Prompt –
Locate the line containing "this 1250×1527 image." in the data below. Reproduce it and every following line up to the end, exactly as given.

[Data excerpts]
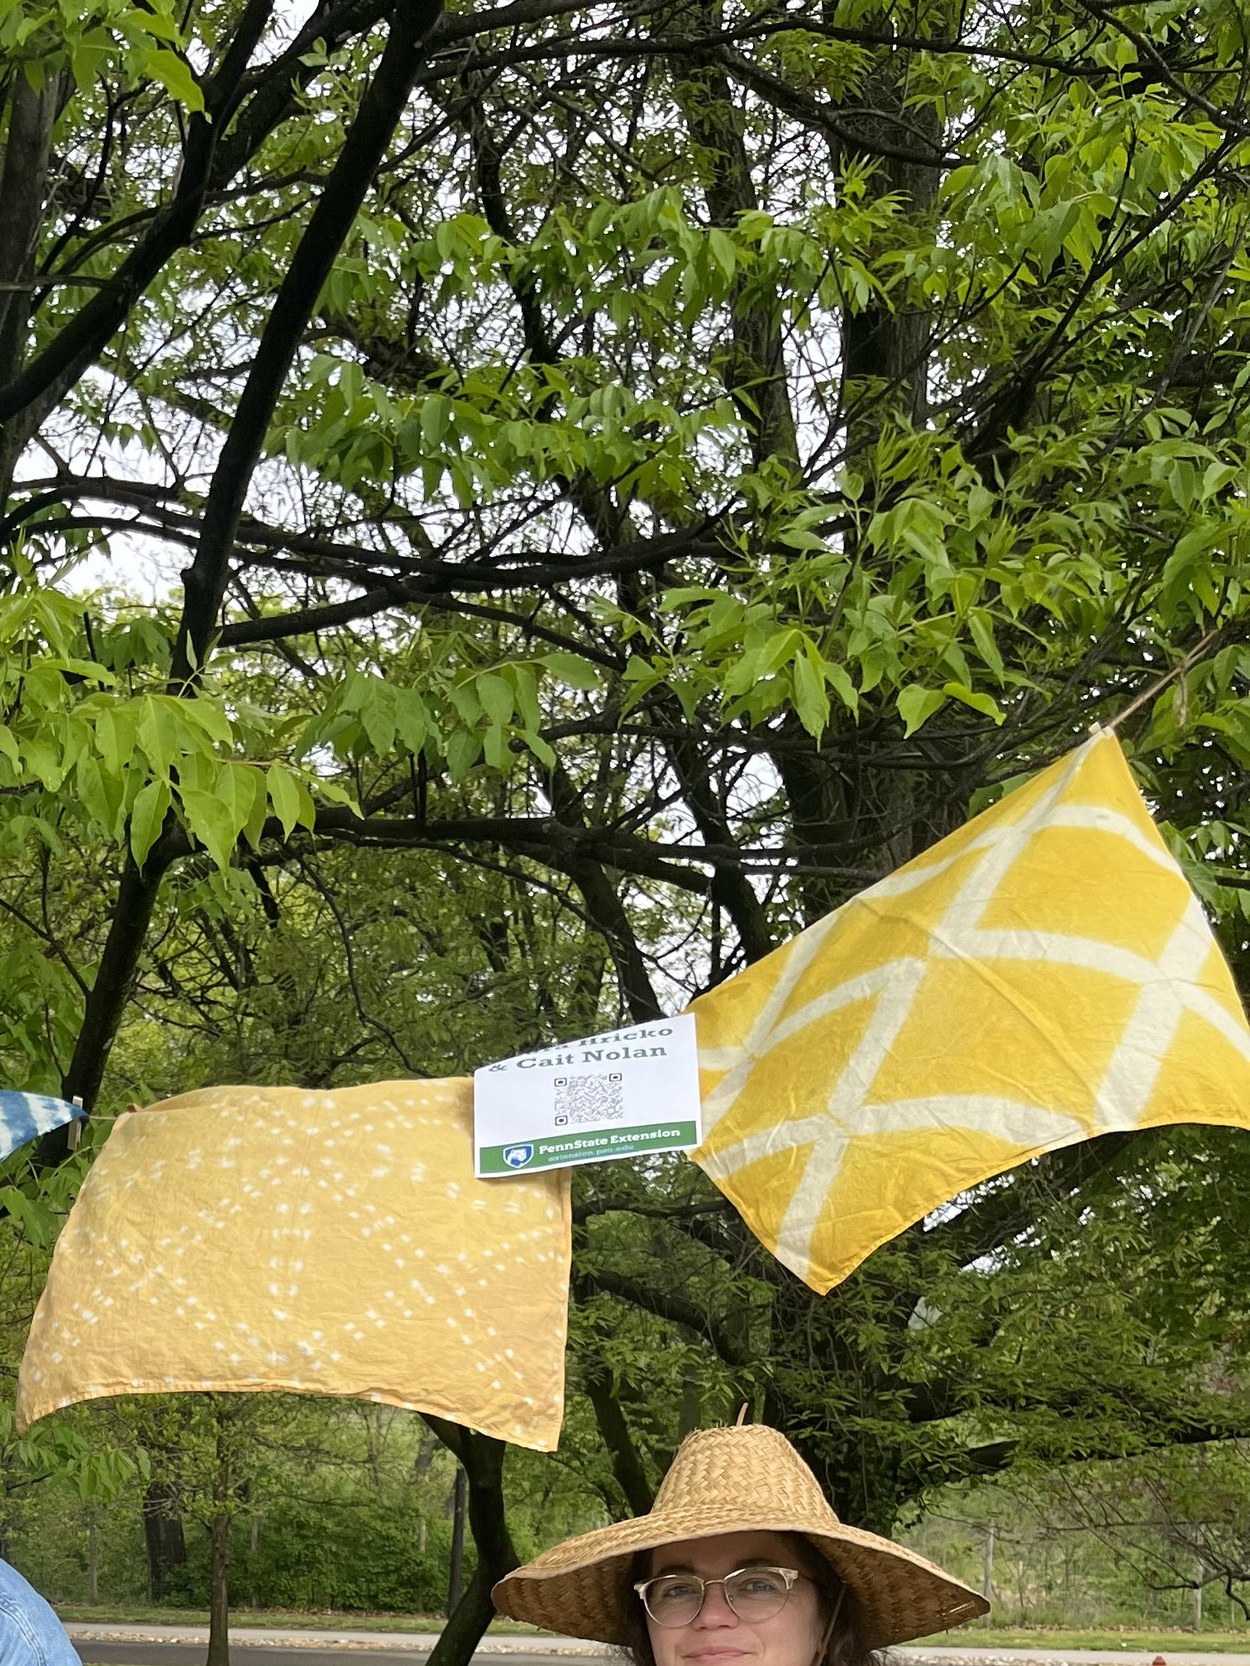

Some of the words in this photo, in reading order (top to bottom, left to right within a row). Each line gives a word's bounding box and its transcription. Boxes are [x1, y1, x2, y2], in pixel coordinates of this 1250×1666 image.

[516, 1054, 575, 1070] Cait
[582, 1045, 667, 1063] Nolan
[539, 1138, 608, 1155] PennState
[610, 1129, 681, 1144] Extension
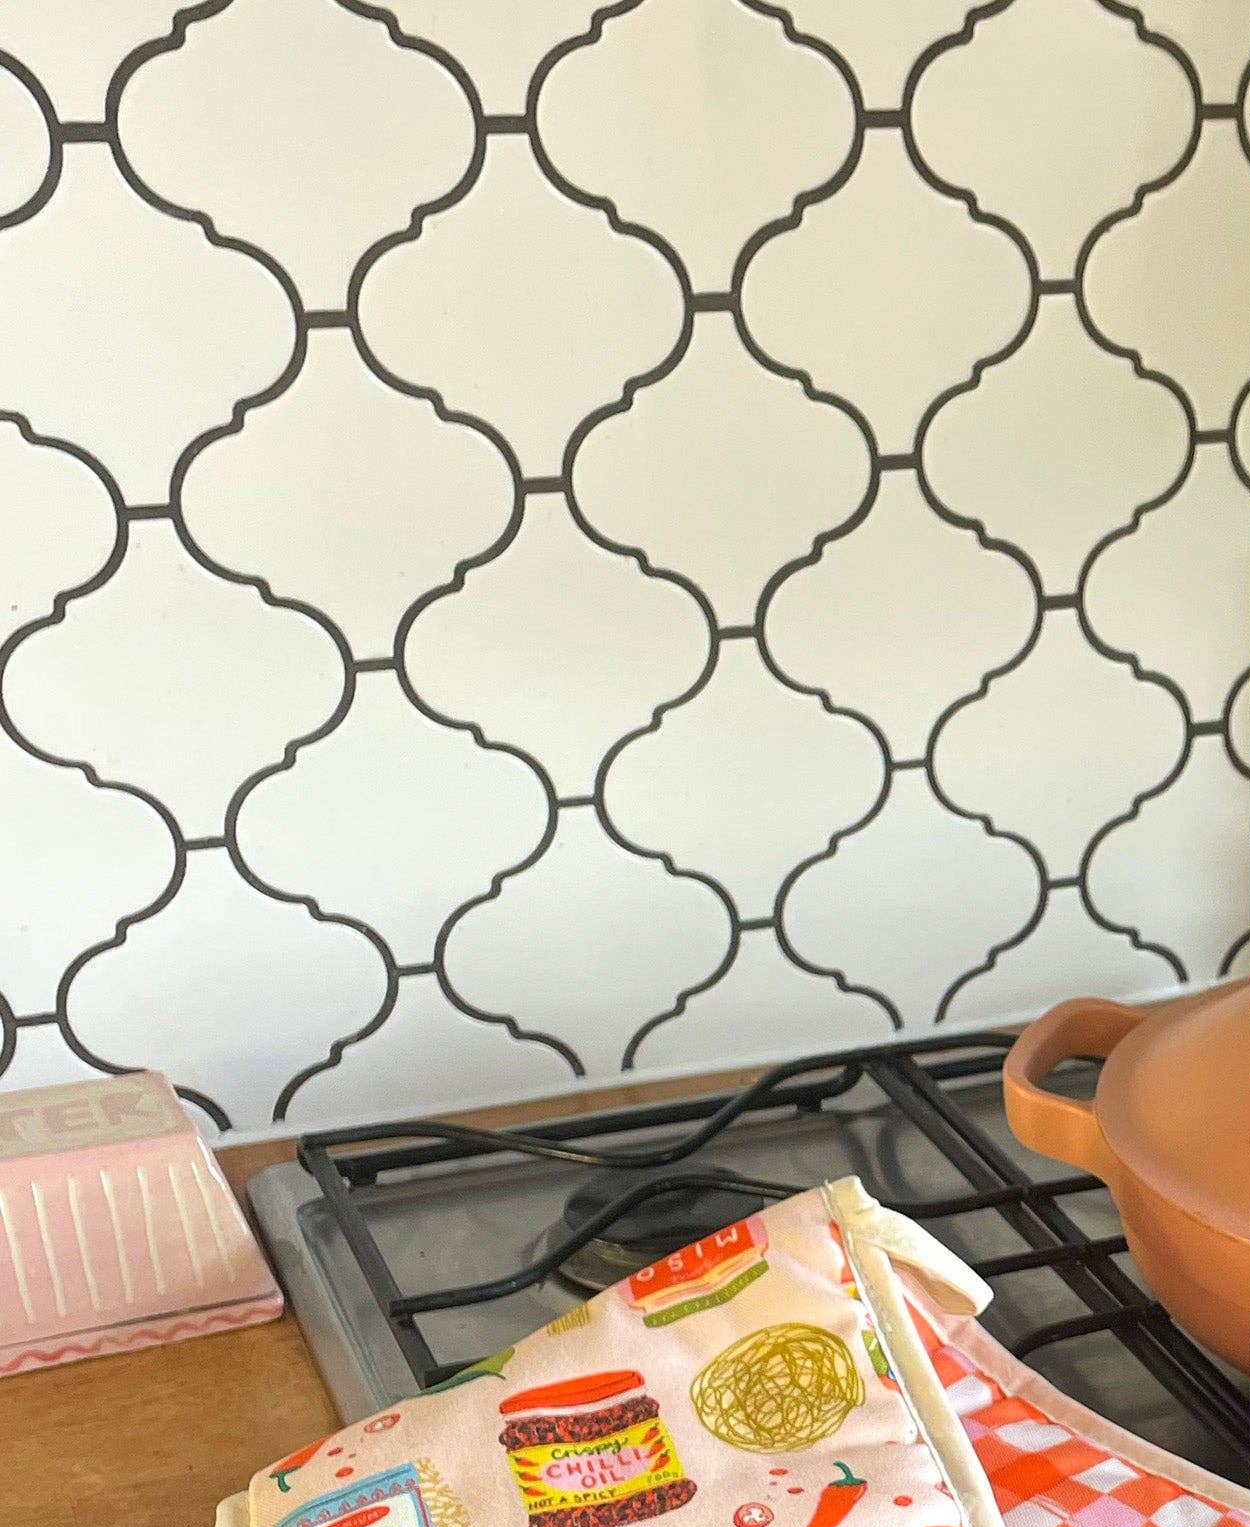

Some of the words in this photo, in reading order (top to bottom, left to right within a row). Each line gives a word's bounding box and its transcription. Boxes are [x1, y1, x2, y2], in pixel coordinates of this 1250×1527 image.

[551, 1437, 629, 1460] Crispy
[546, 1448, 642, 1479] CHILLI
[581, 1471, 625, 1489] OIL
[528, 1497, 552, 1510] HOT
[573, 1488, 616, 1504] SPICY

Expected answer –
Some of the words in this photo, in reading order (top to bottom, left to right within a row). Each line gives a word's bounding box and its transcription. Boxes are [x1, y1, x2, y2], in pixel coordinates of this 1250×1527 image.

[551, 1437, 629, 1460] Crispy
[546, 1448, 642, 1479] CHILLI
[581, 1471, 625, 1489] OIL
[528, 1497, 552, 1510] HOT
[573, 1488, 616, 1504] SPICY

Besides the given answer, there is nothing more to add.